Word for word, output the data that follows.

---------- Data for review ----------

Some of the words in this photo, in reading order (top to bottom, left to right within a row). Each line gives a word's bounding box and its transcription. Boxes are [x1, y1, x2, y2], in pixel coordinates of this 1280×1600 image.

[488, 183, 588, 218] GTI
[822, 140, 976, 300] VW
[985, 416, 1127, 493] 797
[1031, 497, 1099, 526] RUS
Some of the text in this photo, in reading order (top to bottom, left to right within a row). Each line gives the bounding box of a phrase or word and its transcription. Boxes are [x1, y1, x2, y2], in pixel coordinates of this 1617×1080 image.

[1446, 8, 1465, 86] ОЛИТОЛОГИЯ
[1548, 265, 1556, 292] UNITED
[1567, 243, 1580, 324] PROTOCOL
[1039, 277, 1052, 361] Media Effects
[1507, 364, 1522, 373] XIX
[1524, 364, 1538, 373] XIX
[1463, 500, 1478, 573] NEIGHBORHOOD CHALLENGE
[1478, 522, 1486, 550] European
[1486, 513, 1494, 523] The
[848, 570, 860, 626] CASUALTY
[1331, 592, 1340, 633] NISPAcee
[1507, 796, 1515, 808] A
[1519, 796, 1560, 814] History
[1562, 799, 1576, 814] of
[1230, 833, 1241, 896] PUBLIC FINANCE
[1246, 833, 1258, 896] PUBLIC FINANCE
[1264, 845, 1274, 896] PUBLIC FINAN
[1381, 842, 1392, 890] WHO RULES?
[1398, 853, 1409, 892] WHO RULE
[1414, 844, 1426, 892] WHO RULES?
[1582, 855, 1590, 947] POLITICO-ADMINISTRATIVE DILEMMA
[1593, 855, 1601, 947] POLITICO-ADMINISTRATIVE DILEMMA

----------

Result
Some of the words in this photo, in reading order (top to bottom, left to right within a row). Each line gives a word's bounding box and its transcription. Boxes are [x1, y1, x2, y2], in pixel coordinates of this 1280×1600 image.

[488, 183, 588, 218] GTI
[822, 140, 976, 300] VW
[985, 416, 1127, 493] 797
[1031, 497, 1099, 526] RUS
Some of the text in this photo, in reading order (top to bottom, left to right within a row). Each line gives the bounding box of a phrase or word and its transcription. Boxes are [x1, y1, x2, y2], in pixel coordinates of this 1617×1080 image.

[1446, 8, 1465, 86] ОЛИТОЛОГИЯ
[1548, 265, 1556, 292] UNITED
[1567, 243, 1580, 324] PROTOCOL
[1039, 277, 1052, 361] Media Effects
[1507, 364, 1522, 373] XIX
[1524, 364, 1538, 373] XIX
[1463, 500, 1478, 573] NEIGHBORHOOD CHALLENGE
[1478, 522, 1486, 550] European
[1486, 513, 1494, 523] The
[848, 570, 860, 626] CASUALTY
[1331, 592, 1340, 633] NISPAcee
[1507, 796, 1515, 808] A
[1519, 796, 1560, 814] History
[1562, 799, 1576, 814] of
[1230, 833, 1241, 896] PUBLIC FINANCE
[1246, 833, 1258, 896] PUBLIC FINANCE
[1264, 845, 1274, 896] PUBLIC FINAN
[1381, 842, 1392, 890] WHO RULES?
[1398, 853, 1409, 892] WHO RULE
[1414, 844, 1426, 892] WHO RULES?
[1582, 855, 1590, 947] POLITICO-ADMINISTRATIVE DILEMMA
[1593, 855, 1601, 947] POLITICO-ADMINISTRATIVE DILEMMA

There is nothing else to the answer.